* ABOUT THIS TASK *
Return the lines of the data below starting at the one holding "Some of the words" and ending at the one holding "this 960×1280 image.", word for word, leaving every picture out.

* ENTRIES SHOWN *

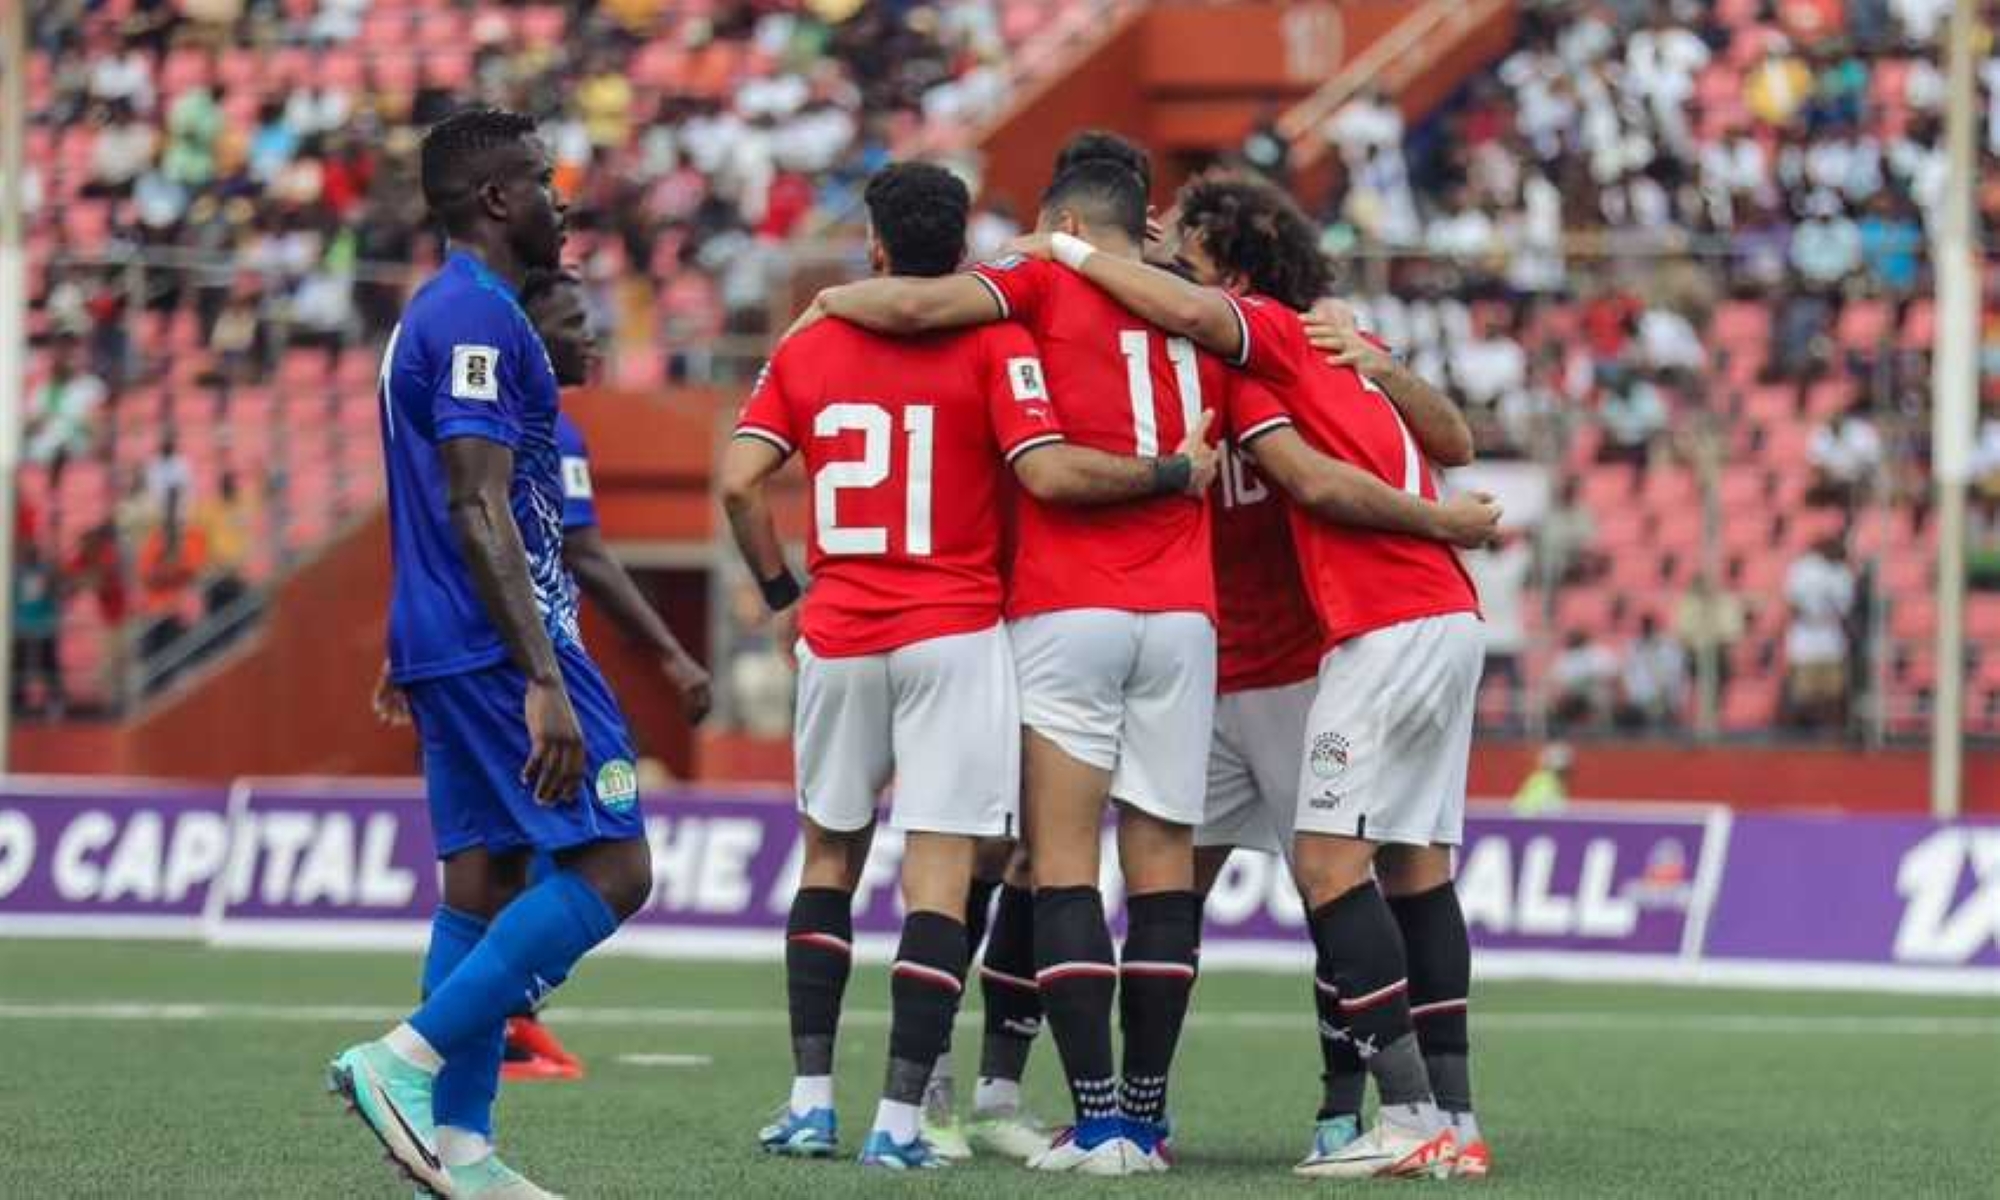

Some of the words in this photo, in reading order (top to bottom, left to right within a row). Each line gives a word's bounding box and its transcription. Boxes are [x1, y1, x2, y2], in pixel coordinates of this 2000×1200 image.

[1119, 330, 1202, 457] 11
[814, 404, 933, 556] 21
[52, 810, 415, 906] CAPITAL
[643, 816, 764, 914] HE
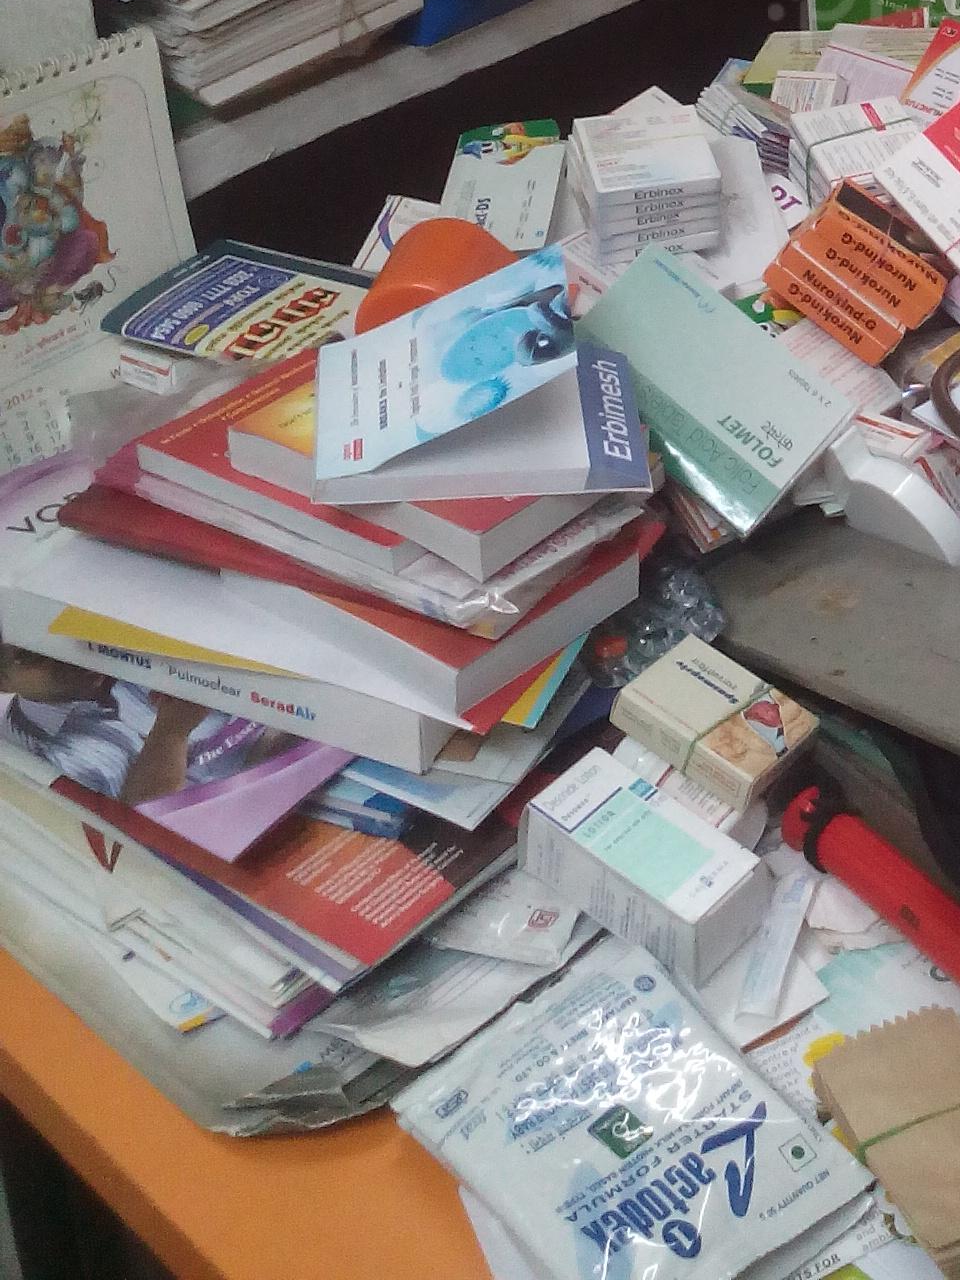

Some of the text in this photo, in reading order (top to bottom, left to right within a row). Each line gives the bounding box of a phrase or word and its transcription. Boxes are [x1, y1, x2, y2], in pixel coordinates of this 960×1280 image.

...

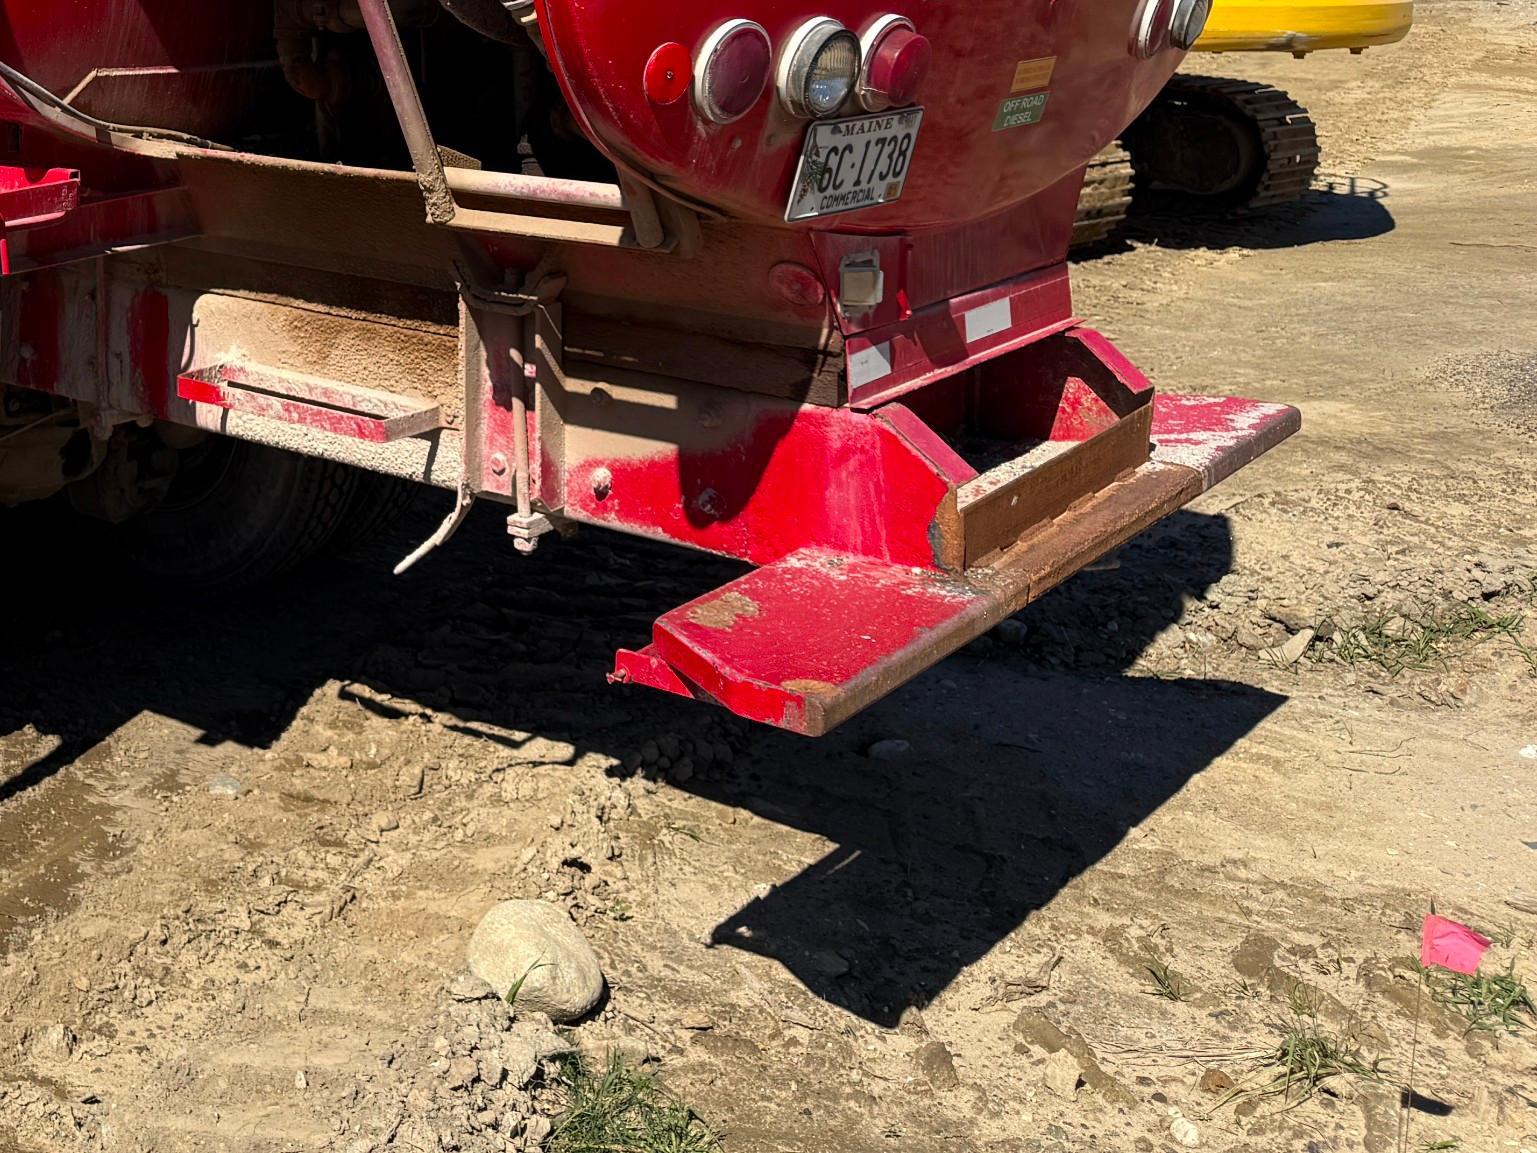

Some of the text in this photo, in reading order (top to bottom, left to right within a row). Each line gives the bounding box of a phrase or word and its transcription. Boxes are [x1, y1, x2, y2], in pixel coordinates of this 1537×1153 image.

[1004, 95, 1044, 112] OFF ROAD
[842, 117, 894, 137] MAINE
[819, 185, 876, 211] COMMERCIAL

* RESULT OF THIS TASK *
Some of the words in this photo, in reading order (top to bottom, left to right within a row). Each line gives a word's bounding box and its transcription. Boxes are [x1, y1, x2, y2], in pixel coordinates of this 2000×1200 image.

[1119, 330, 1202, 457] 11
[814, 404, 933, 556] 21
[52, 810, 415, 906] CAPITAL
[643, 816, 764, 914] HE

Some of the text in this photo, in reading order (top to bottom, left to right within a row). Each line gives the bounding box of a phrase or word and its transcription. Boxes are [x1, y1, x2, y2], in pixel coordinates of this 960×1280 image.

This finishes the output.